IRV typically results in about seven times as many spoiled ballots as Plurality. This is an empirical indication that, despite the “easy as 1-2-3″ claims of its proponents, IRV is in fact more complicated to voters. And this effect has been shown to correlate to demographics. Voters in poorer and more minority districts are more likely to spoil their ballots.
* We note that Score Voting (aka “Range Voting”), the simplest form of which is Approval Voting, both result in fewer spoiled ballots.

Precinct summability

IRV cannot be counted in precincts, because it is not “additive”. This is explained by a Princeton math Ph.D. here. A more layman-friendly description of the implication of this fact comes from the San Francisco city elections page:

“Due to the requirement that all ballots must be centrally tallied in City Hall and not at the polling places, the Department of Elections has not set a date for releasing any preliminary results using the ranked-choice voting method.”

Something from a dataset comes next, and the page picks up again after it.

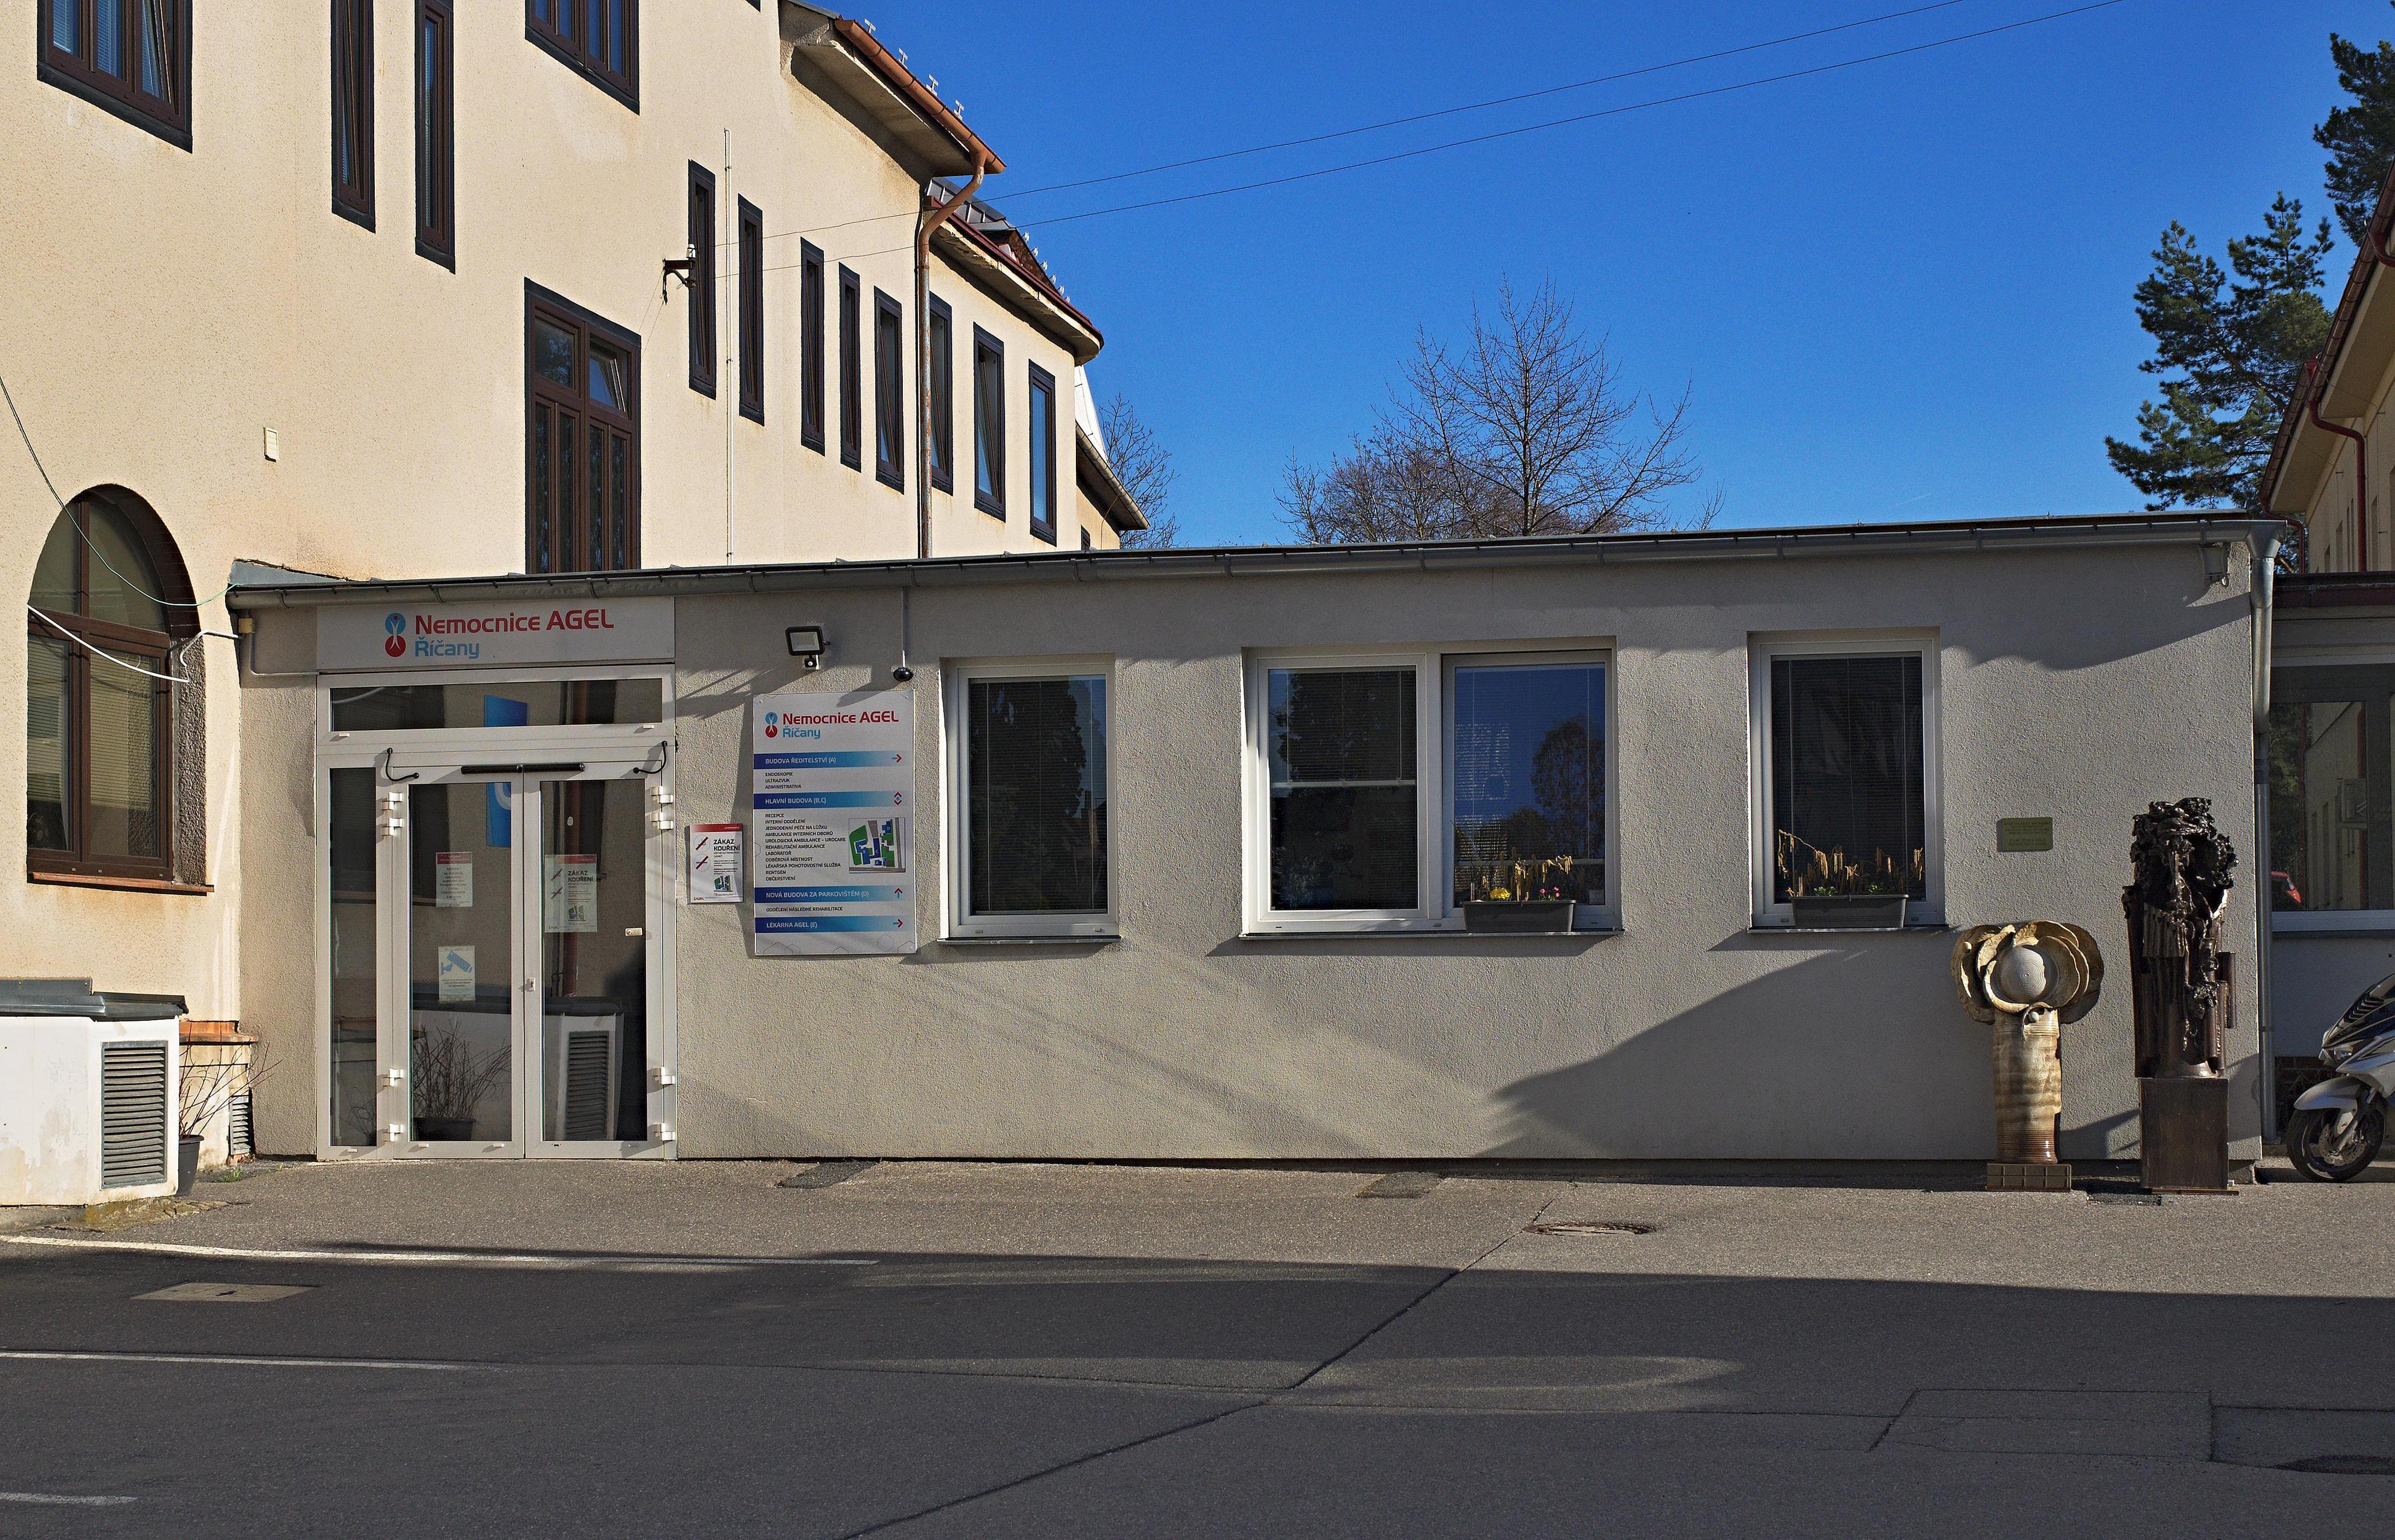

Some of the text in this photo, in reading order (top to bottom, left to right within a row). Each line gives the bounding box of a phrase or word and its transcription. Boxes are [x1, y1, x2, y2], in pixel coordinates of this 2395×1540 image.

This appeared on their website for several weeks after their 2008 RCV elections. The need to transport votes to a central location for tabulation is of great concern to election integrity activists. It means greater susceptibility to fraud.

Risk of ties/near-ties

IRV increases the probability of tie/near-tie scenarios (i.e. election disputes and recounts are more probable).

Complexity

The preceding points speak to the practical complexity increase introduced by IRV. But let’s get a better picture of the issue, by looking at a typical IRV voter’s take. I am a software engineer, and in early 2011, I had the following instant message conversation with a fellow co-worker of mine. This co-worker is also a professional software engineer, and has voted in San Francisco’s IRV elections for years.

me
hey man.
can you do me a favor?
coworker
sure
what’s up
me
okay, i need to use you as a guinea pig for a voting op-ed i’m writing.
it will just take a minute.
coworker
k
me
don’t look up anything.
i want to see how much a typical sf voter knows about our voting system.
so you know how we rank our choices on the ballot?
so like, X>Y>Z means the voter likes X first, then Y, then Z.
make sense?
coworker
yes
me
okay, so look at this list and tell me who wins.
% of voters – their ranking
35% W > Y > Z > X
17% X > Y > Z > W
32% Y > Z > X > W
16% Z > X > Y > W
coworker
well… i could do math here right?
do you want me to or not?
me
yes.
tell me who wins.
without looking anything up.
coworker
looks like Y
me
why do you think it’s Y?
how did you arrive at that answer?
coworker
because in the first row it’s next to the winning W, and in between row#2, and #3, it’s pretty high up
basically according to weighted average it’d roughly be a leader
me
nope.
the winner is X.

Conclusion

If we take both performance (Bayesian Regret) and practical cost and complexity into account, we find that TTR is better than IRV, and IRV is better than Plurality Voting. This means that San Francisco’s switch from TTR to IRV was probably for the worse. Whereas it would be beneficial for the UK to switch from Plurality to IRV.
That being said, there are much better and simpler reforms. Score Voting and Approval Voting are both simpler and much better than IRV.
For multi-winner elections, Reweighted Range Voting and Asset Voting are two proportional methods which have important advantages over the Single Transferable Vote (STV) and various other PR systems.